どんなに彼を慕い愛する者がいるとしても彼に幸福はもはや訪れない。

彼に与えられるのは死後に与えられる神霊としての栄光を引き換えにした苦難と絶望の人生。

生前にただ一つだけ与えられる神からの報奨、剣神が代理人として認めた証それがこの剣。

それ故にこの剣に与えられた名は『剣神より下賜されし報奨の剣(バウンティ・ソード)』

全ての剣の頂点に君臨し、全ての剣の前に立つ剣神だけが使う究極の剣。

士郎が『剣神より下賜されし報奨の剣(バウンティ・ソード)』を引き抜くと同時に『剣の王国(キングダム・オブ・ブレイド)から全ての剣が姿を消す。

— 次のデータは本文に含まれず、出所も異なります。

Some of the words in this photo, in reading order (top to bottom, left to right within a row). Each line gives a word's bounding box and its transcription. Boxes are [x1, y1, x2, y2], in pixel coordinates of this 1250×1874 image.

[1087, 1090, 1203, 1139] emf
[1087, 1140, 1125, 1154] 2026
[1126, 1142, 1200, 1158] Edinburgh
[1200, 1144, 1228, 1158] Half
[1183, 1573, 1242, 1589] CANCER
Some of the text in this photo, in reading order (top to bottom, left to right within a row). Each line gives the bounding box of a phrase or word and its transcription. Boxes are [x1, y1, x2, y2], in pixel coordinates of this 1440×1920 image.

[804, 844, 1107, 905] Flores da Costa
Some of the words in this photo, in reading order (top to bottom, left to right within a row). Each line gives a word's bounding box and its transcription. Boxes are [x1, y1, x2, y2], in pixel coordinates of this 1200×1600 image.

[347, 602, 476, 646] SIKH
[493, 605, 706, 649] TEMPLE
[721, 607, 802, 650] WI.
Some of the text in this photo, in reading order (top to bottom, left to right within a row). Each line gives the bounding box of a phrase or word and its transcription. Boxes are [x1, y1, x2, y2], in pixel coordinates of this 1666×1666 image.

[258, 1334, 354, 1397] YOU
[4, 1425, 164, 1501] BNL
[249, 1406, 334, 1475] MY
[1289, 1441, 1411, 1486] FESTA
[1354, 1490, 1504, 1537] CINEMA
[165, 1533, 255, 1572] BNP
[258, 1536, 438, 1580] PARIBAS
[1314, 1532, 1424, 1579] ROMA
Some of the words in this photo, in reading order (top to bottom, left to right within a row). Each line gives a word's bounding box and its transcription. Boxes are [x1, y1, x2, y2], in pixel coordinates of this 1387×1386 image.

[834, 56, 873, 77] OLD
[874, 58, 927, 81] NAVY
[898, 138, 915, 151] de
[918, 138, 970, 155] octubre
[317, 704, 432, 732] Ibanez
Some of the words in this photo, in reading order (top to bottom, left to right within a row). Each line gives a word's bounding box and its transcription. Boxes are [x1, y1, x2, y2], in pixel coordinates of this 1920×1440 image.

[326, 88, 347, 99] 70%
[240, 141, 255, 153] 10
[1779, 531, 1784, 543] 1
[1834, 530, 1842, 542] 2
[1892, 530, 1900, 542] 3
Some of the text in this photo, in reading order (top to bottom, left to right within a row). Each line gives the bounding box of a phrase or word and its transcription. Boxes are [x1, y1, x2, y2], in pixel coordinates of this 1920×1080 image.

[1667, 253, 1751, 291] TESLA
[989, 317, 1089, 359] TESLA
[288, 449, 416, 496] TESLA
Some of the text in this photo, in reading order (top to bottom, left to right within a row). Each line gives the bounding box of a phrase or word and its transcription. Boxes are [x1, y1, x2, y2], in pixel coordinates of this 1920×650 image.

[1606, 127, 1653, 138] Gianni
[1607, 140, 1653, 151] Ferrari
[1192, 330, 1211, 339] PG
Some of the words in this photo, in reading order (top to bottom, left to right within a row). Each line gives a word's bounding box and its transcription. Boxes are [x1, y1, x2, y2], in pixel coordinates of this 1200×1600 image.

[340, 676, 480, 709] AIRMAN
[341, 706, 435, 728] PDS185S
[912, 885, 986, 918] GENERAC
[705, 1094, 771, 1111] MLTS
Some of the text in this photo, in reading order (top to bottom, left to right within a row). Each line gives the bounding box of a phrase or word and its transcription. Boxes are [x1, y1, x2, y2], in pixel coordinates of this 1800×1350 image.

王である究極の剣が抜かれた今、もはや自分達に出る幕はない、そう判断したかのようだった。

それを確認するように一歩、また一歩とその手に『剣神より下賜されし報奨の剣(バウンティ・ソード)』を持ち、『影』に近寄る。

一方の『影』は自身の『象徴(シンボル)』の特性上その場から動く事は出来ない。

だが、それに合わせる様に、『影の帝国(シャーテン・ライヒ)』からも影の軍勢が一人残らずその姿を消した。

もはや固有世界ですら彼らの・・・それぞれ『象徴(シンボル)』を手にし、代理人となった彼らの前では役者不足甚だしいと言うかのように。

やがて、士郎は『剣の王国(キングダム・オブ・ブレイド)』と『影の帝国(シャーテン・ライヒ)』の境界線に立ち、ただこの戦争で幾度となく激戦を交えてきた男と視線を交える。

『影』との距離はおよそ二、三百メートルだろう。

何もせずただお互いの顔を見つめ続ける二人。

この戦いが次の一撃で終わりを迎える事を誰よりも熟知しているのだろう。

だからなのか互いの顔を見つめ続ける。

だが、それもただの感傷と割り切ったのか士郎が口を開く。

「・・・決着をつけようか」

「ああ、これで最後だ『剣の王』よ」

「行くぞ・・・『影の王』」

同時に二人の魔力が爆発的に膨れ上がる。

「「あああああああああ!!」」

ありったけの魔力を注ぎ込み、この一撃で相対する己が人生最強の敵を討つべく構える。

「おおおおお!影の王位にて受け継がれし(ロード・オブ)!!」

真名が発せられる。

魔力を発散させる影は杖から展開が終わり、後は主である『影』の命を待つばかり。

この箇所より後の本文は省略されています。